In short - dump 'em now - do a D Rest - for 3 days - Crash chill for at least 3 - sorted.

5c. [Metric and all]
I had been dry hopping , literally for a number of years

enjoyed the benefits


however the last dry hop , adding hops in a tea bag , without steeping in boiling water (recommended method in the 1st batch years ago and continued that way)

infection , the only one in my career

so no more

had thought many times I need to go back

will do so now
 
OK have biten the bullet and decided on a 3-way hop infusion to a pale ale. So laid down a new pale ale yesterday that I tweaked.

Used a can of Coopers Australian Pale Ale, 1kg of Coopers BE2.

I steeped 20grams of galaxy, centennial and amarillo pellets and added the liquid only to the APA can and BE2 and then topped up to 21 litre mark.

Will dry-hop with the other 30grams of each for the last 4 days of a 14 day stay in the fermenter. Looking forward to a nice hoppy pale ale. Only time will tell if the hops were too much, just right or not enough. :)

Cheers,

Pete
 
It is well known that yeast can strip hop flavour and at the recent ANHC dry hopping techniques were discussed including reducing yeast load prior to dry hopping. So I recently made an IPA and decided to cold crash to floc the yeast before dry hopping (5g/L @ 3 C for 6 days, agitated daily for first 4 days). I have too say the result was majorly disappointing with very muted hop flavours and aroma. So for my latest APA I decided to dry hop at fermentation temps. Once fermentation was complete I pressurised by conical at 4psi (mentioned at ANHC to floc yeast). After 24 hours I added my dry hops and held for 2 days (4g/L @ 20C for 2days, stirred on second day) before cold crashing for 4 days. The flavour and aroma is just fabulous. The hops tend to float at fermentation temps and then drop during cold crashing, and this combination seems to maximise the extraction of the hop oils.
 
Black n Tan said:
It is well known that yeast can strip hop flavour and at the recent ANHC dry hopping techniques were discussed including reducing yeast load prior to dry hopping.
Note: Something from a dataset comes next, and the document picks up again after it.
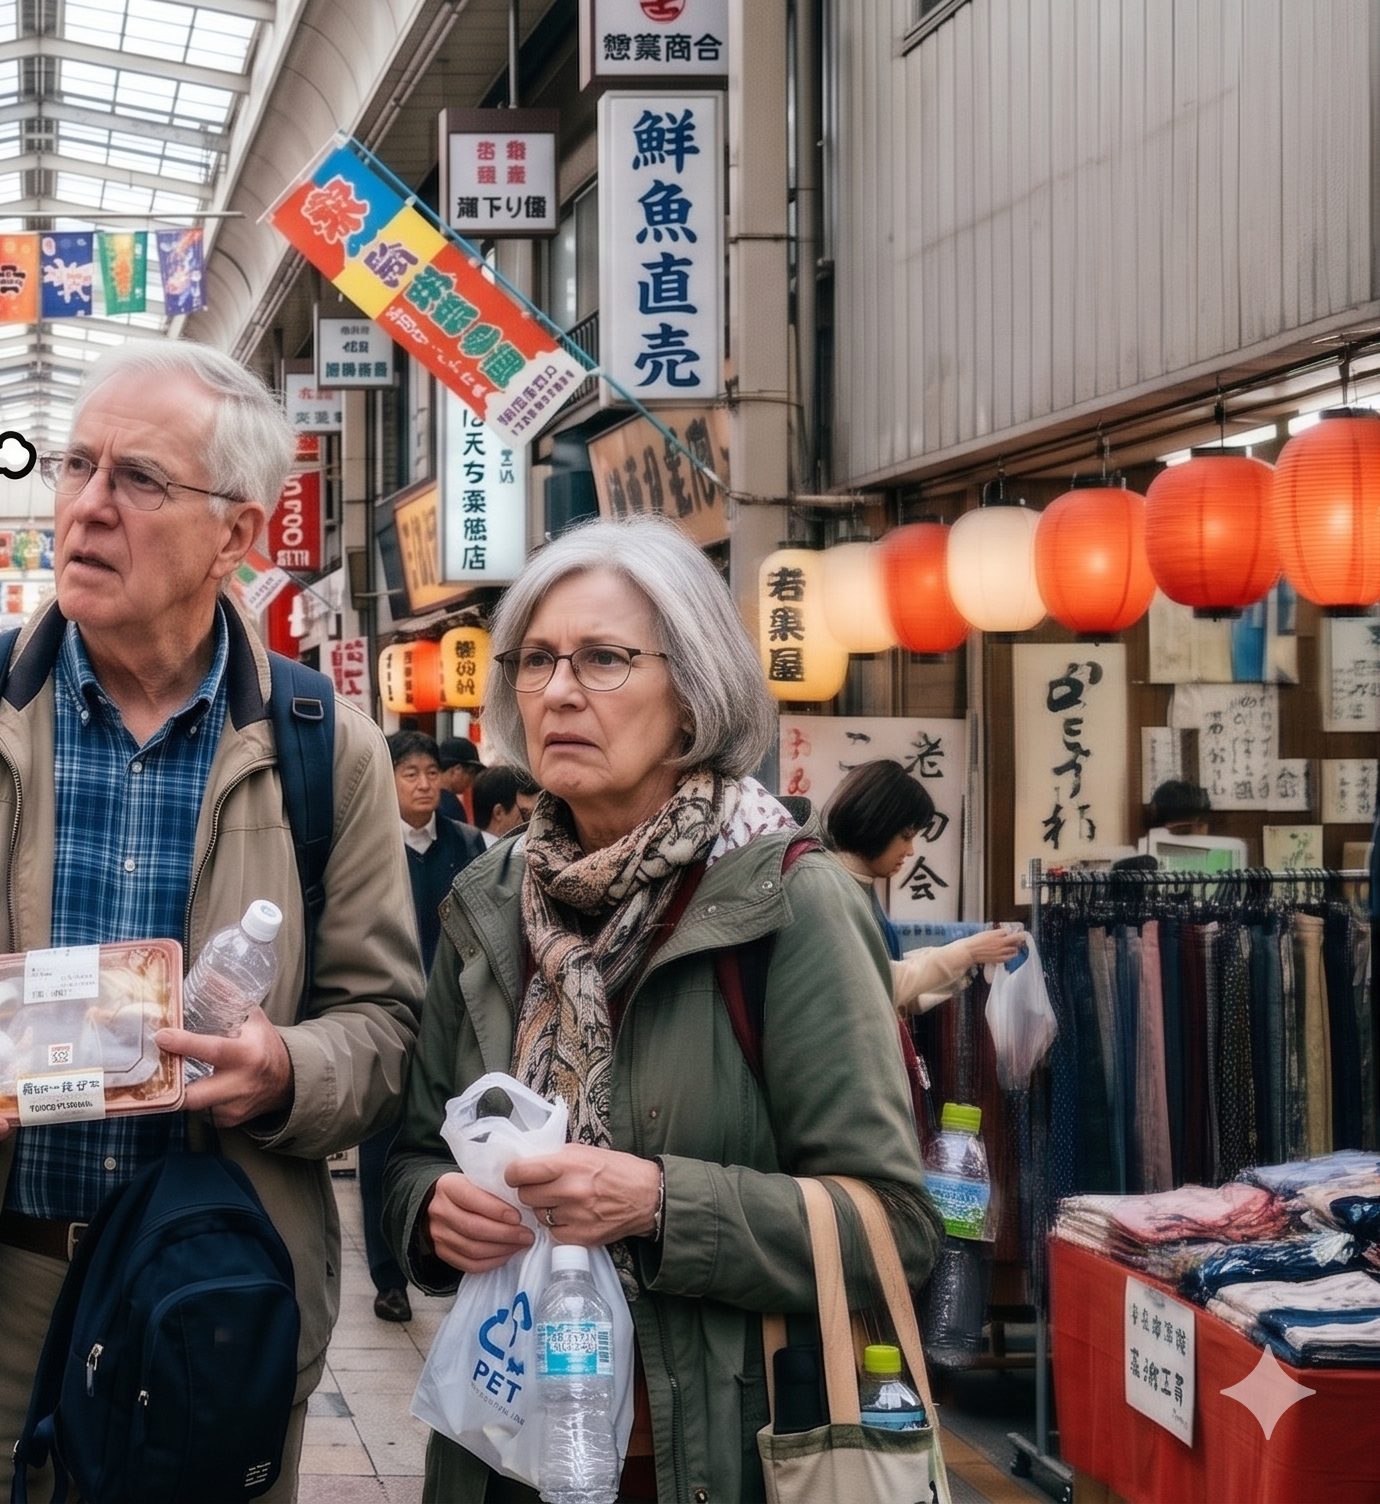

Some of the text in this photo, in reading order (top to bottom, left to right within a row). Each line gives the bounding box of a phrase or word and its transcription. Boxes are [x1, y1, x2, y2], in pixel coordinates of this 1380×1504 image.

So I recently made an IPA and decided to cold crash to floc the yeast before dry hopping (5g/L @ 3 C for 6 days, agitated daily for first 4 days). I have too say the result was majorly disappointing with very muted hop flavours and aroma. So for my latest APA I decided to dry hop at fermentation temps. Once fermentation was complete I pressurised by conical at 4psi (mentioned at ANHC to floc yeast). After 24 hours I added my dry hops and held for 2 days (4g/L @ 20C for 2days, stirred on second day) before cold crashing for 4 days. The flavour and aroma is just fabulous. The hops tend to float at fermentation temps and then drop during cold crashing, and this combination seems to maximise the extraction of the hop oils.
I have found this too BnT, cold temps dont really get a good level of oil extraction, higher temps eg fermentation temp sure does.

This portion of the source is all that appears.